_Provided data_
────────────────

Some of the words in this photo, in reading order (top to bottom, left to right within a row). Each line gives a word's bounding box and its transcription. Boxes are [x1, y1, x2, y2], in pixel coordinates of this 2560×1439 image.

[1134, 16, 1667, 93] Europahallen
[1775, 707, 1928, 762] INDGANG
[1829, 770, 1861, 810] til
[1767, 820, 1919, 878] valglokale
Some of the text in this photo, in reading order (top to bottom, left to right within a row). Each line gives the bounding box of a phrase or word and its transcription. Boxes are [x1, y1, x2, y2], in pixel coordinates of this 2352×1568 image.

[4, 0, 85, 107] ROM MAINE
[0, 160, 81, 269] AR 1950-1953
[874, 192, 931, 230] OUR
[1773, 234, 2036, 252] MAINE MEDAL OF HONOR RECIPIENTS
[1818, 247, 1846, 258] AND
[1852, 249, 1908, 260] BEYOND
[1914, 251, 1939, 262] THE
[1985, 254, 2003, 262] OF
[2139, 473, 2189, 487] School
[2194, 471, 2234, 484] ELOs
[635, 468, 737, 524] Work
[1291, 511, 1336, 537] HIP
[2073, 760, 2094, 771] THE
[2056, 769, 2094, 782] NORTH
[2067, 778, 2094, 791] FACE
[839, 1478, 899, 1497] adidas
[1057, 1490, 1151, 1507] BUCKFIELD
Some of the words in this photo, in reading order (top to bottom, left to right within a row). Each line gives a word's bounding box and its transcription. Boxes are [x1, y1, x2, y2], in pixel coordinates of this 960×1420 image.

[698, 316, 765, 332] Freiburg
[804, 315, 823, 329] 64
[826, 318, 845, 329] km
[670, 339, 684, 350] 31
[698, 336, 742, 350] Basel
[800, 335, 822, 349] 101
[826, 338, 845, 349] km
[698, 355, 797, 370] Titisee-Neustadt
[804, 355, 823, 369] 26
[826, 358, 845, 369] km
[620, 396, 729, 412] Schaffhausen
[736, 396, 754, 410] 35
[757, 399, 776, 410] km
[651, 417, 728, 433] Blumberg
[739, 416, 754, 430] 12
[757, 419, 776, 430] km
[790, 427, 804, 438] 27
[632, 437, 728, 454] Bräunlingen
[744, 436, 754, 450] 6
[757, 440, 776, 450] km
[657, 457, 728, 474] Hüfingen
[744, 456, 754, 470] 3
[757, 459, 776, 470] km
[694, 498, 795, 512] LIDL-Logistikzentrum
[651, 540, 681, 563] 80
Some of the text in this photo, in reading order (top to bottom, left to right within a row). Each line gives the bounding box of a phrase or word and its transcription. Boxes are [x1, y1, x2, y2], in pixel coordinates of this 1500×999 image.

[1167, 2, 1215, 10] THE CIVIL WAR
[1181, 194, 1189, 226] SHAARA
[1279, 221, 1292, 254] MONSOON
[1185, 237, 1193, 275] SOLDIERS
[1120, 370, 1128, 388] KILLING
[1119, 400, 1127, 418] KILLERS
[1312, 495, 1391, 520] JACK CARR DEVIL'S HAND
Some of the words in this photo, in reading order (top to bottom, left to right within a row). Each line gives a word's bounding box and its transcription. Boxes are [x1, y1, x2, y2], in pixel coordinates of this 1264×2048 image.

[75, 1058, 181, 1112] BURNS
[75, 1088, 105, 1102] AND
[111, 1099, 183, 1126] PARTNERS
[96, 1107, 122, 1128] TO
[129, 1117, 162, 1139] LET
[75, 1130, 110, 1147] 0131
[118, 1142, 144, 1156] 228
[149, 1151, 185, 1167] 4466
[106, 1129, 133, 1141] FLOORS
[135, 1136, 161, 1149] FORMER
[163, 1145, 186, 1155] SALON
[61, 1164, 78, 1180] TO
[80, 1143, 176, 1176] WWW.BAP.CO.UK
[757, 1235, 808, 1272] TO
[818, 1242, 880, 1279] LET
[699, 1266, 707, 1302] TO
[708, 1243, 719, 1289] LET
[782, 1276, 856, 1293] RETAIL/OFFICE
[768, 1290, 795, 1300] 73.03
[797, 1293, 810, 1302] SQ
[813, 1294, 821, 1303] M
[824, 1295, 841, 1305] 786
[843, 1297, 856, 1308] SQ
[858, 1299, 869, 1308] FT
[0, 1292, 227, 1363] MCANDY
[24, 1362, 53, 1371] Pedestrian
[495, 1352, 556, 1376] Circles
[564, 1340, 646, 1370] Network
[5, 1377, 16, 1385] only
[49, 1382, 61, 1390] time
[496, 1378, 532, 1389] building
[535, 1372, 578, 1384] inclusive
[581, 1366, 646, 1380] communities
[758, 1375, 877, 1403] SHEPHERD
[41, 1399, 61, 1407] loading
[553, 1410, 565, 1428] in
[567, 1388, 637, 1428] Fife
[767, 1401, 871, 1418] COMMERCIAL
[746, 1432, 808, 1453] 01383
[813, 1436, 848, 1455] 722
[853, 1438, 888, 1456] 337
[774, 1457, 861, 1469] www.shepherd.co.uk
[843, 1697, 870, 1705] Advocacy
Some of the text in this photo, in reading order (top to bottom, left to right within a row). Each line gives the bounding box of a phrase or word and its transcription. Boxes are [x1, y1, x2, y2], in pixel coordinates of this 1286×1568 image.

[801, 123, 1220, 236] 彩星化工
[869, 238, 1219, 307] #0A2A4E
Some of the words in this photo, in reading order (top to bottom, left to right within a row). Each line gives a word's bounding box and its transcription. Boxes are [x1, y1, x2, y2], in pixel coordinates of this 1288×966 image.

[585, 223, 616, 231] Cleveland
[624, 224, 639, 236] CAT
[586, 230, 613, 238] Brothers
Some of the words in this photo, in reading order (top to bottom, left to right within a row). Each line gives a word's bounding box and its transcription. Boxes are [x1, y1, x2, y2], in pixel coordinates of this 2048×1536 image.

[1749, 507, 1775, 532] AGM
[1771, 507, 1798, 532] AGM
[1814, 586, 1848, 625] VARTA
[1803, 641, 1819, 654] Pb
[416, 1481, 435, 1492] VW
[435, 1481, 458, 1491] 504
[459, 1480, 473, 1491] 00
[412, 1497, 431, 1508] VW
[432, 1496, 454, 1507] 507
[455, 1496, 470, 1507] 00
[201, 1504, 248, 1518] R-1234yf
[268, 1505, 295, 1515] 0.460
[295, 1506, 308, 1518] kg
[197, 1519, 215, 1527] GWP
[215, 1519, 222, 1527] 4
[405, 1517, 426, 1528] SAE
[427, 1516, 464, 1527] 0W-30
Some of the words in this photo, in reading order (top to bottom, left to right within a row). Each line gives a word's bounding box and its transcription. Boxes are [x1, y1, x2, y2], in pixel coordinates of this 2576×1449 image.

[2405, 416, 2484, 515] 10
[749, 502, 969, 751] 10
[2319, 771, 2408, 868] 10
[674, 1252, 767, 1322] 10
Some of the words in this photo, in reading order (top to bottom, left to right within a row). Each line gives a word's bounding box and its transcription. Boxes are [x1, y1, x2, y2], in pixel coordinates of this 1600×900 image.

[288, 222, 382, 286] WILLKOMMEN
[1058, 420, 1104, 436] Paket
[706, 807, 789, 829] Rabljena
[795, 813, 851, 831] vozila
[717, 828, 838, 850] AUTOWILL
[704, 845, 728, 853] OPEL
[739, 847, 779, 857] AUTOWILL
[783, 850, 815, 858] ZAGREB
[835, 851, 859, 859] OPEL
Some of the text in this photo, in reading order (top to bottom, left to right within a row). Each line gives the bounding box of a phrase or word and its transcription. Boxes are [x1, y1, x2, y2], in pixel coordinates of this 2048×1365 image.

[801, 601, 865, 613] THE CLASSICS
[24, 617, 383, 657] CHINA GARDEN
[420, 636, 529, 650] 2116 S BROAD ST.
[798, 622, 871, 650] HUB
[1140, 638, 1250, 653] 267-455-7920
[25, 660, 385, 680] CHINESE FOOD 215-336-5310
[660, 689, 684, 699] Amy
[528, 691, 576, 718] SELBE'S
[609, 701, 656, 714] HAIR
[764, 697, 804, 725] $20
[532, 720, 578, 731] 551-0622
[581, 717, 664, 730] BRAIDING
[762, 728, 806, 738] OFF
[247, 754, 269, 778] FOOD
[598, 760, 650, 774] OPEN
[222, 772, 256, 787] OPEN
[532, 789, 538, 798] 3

────────────────

_To do_
What you return should consist solely of the lines from the one containing "this 1600×900 image." through the end of the entries above, reproduced exactly.

_Response to this task_
Some of the words in this photo, in reading order (top to bottom, left to right within a row). Each line gives a word's bounding box and its transcription. Boxes are [x1, y1, x2, y2], in pixel coordinates of this 1600×900 image.

[288, 222, 382, 286] WILLKOMMEN
[1058, 420, 1104, 436] Paket
[706, 807, 789, 829] Rabljena
[795, 813, 851, 831] vozila
[717, 828, 838, 850] AUTOWILL
[704, 845, 728, 853] OPEL
[739, 847, 779, 857] AUTOWILL
[783, 850, 815, 858] ZAGREB
[835, 851, 859, 859] OPEL
Some of the text in this photo, in reading order (top to bottom, left to right within a row). Each line gives the bounding box of a phrase or word and its transcription. Boxes are [x1, y1, x2, y2], in pixel coordinates of this 2048×1365 image.

[801, 601, 865, 613] THE CLASSICS
[24, 617, 383, 657] CHINA GARDEN
[420, 636, 529, 650] 2116 S BROAD ST.
[798, 622, 871, 650] HUB
[1140, 638, 1250, 653] 267-455-7920
[25, 660, 385, 680] CHINESE FOOD 215-336-5310
[660, 689, 684, 699] Amy
[528, 691, 576, 718] SELBE'S
[609, 701, 656, 714] HAIR
[764, 697, 804, 725] $20
[532, 720, 578, 731] 551-0622
[581, 717, 664, 730] BRAIDING
[762, 728, 806, 738] OFF
[247, 754, 269, 778] FOOD
[598, 760, 650, 774] OPEN
[222, 772, 256, 787] OPEN
[532, 789, 538, 798] 3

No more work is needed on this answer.